Hi All,
I believe i have PAWS but wanted to share my story with you to get your thoughts on it.
I have been smoking cannabis for around 12 years - (18 to 30 years old) with the last few years smoking daily but very small doses ( for example 80% tabacco / 20% weed).
In July I decided to try and stop smoking - i didn't really experience any symptoms until week 2 when one night i couldn't sleep, felt very weak and thought I was about to faint - ended up having diarrhoea. Never really felt like my true self and feel dizzy regularly since then. Sleep wasn't great but nothing too bad. I also would like to point that I ended up having a couple of tokes after i got ill (maybe 2/3 times) All this time i thought it was related to my stomach but got everything checked out and all good.
Near the end of august i went on holiday to see family where I ended up smoking small amounts again until I had one joint with my brother and i ended up having a bad trip - the outer body kind of experience. His weed is homegrown so not strong at all. But nevertheless this was the final straw for me . This was on the 29th of August - so i guess this is my first proper month sober. Since my bad trip i've had loads of different symptoms
Waking up with the fear like something is wrong
OCD symptoms - scared I would hurt someone or loose control
Anxiety - about everything and nothing - as soon as I get over one anxiety it's like my brain is looking for something new. I could be in the car and i start overthinking everything ( am i crazy etc etc)
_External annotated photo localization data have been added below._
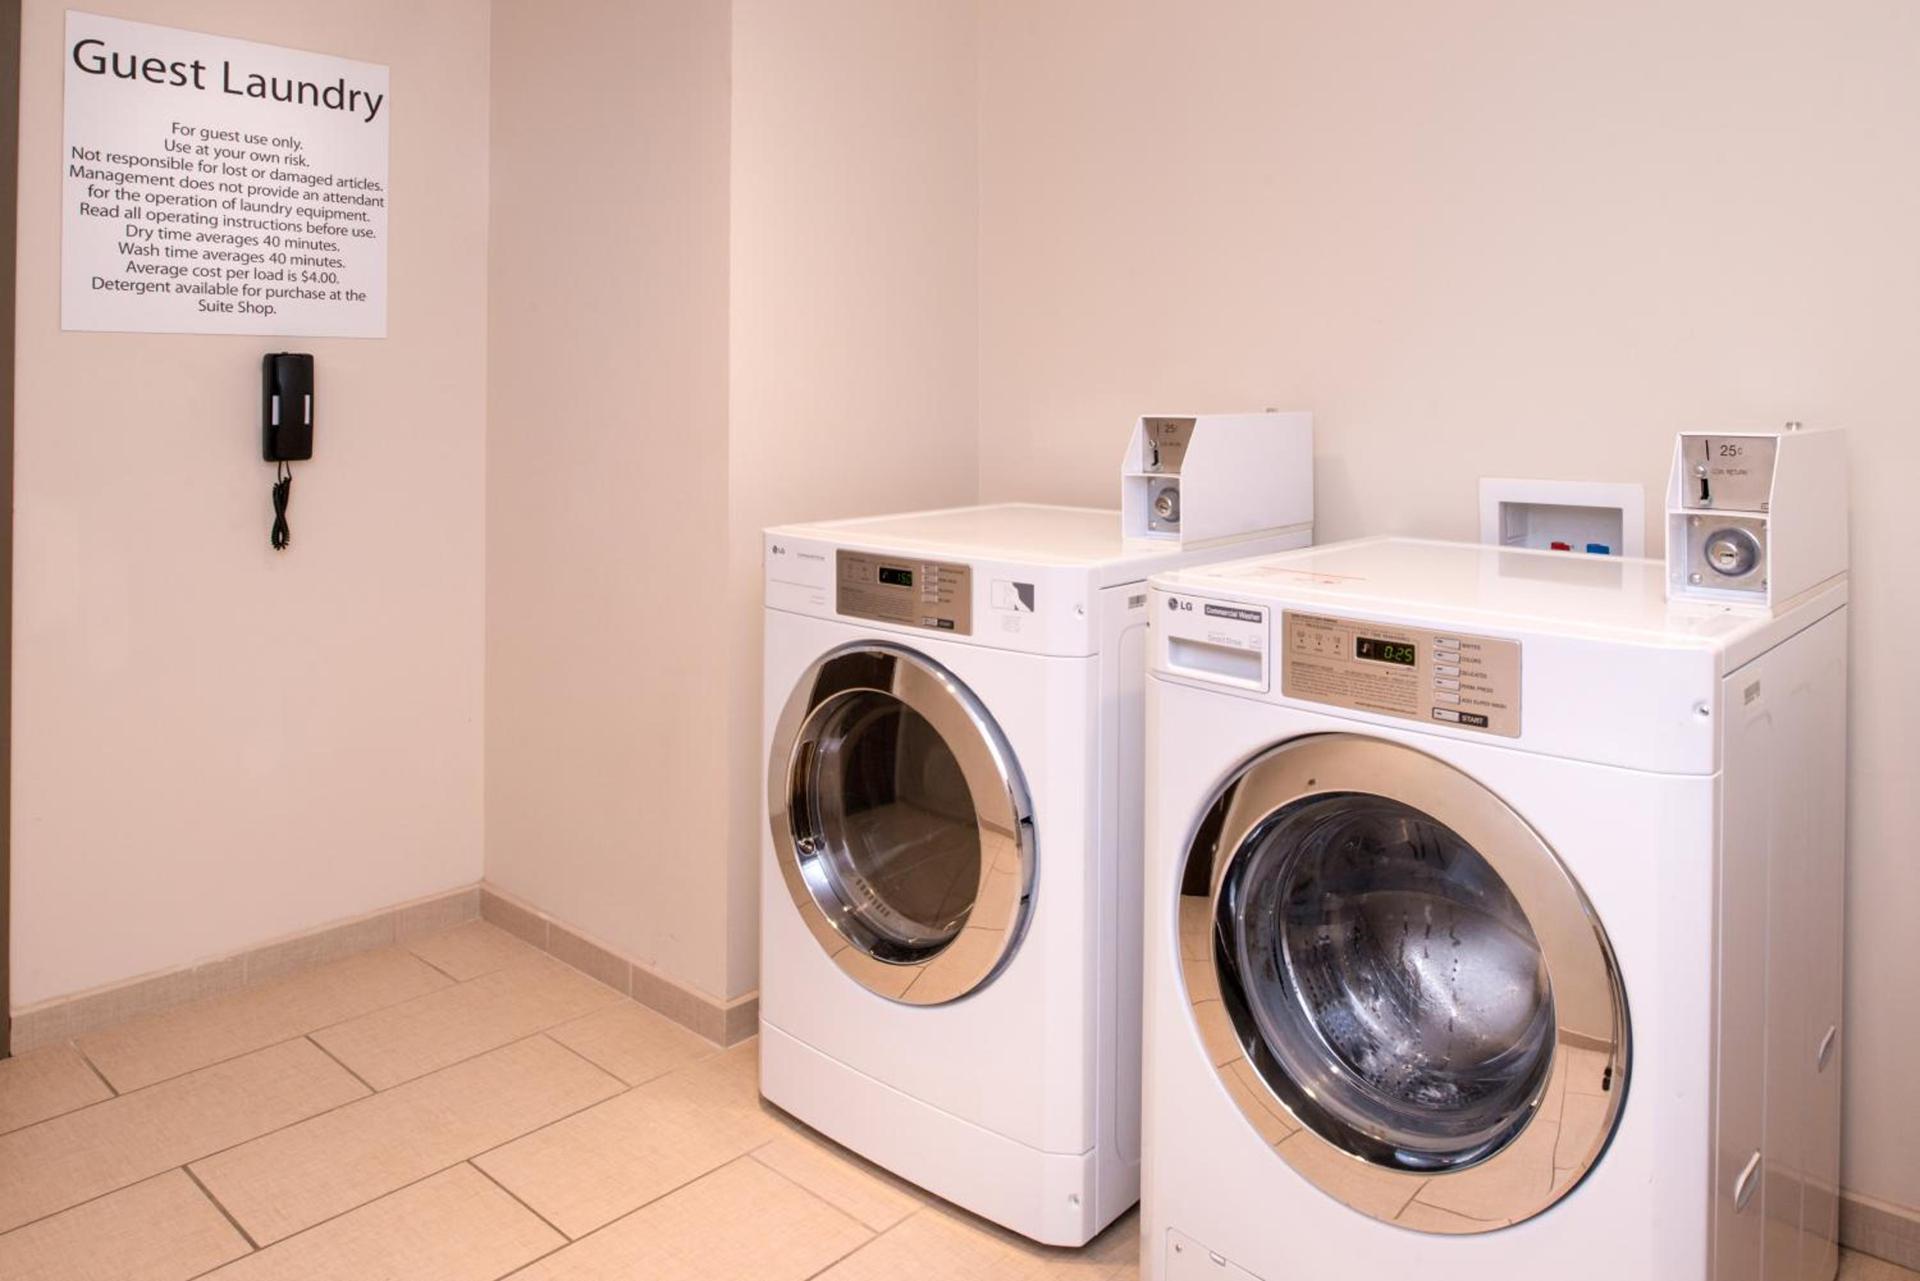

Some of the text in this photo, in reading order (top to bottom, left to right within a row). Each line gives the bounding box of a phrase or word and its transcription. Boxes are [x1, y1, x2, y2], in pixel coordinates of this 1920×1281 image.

[73, 39, 384, 123] Guest Laundry
[171, 122, 303, 151] For guest use only.
[164, 139, 309, 167] Use at your own risk.
[72, 146, 383, 191] Not responsible for lost or damaged articles.
[69, 165, 384, 208] Management does not provide an attendant
[88, 184, 370, 222] for the operation of laundry equipment.
[80, 203, 376, 238] Read all operating instructions before use.
[126, 224, 340, 252] Dry time averages 40 minutes.
[119, 242, 345, 268] Wash time averages 40 minutes.
[126, 261, 339, 285] Average cost per load is $4.00.
[92, 277, 366, 301] Detergent available for purchase at the
[198, 300, 276, 316] Suite Shop.
Mood swings - like today i was really positive and then other of nowhere i end up being annoyed / any for not particular reason - thankfully it passed
Headaches mild
depersonalisation
Sleeping difficulties - wake up constantly and not able to sleep again - vivid dreams as well
Wake up with the fear
Intrusive thoughts - hurting people / loosing control ' what if'
Heart Palpitation.
All the above were really intense for the first 3 weeks since my bad trip in august. I have been seeing a hypnotherapist and as well as meditating which have helped massively. Things are much more bearable now but I just wanted to know if this was potentially PAWS ? I don't seem to have waves of bad days but it's more like i could wake up feeling good and then suddenly it's like i remember all the above and I start having anxiety again.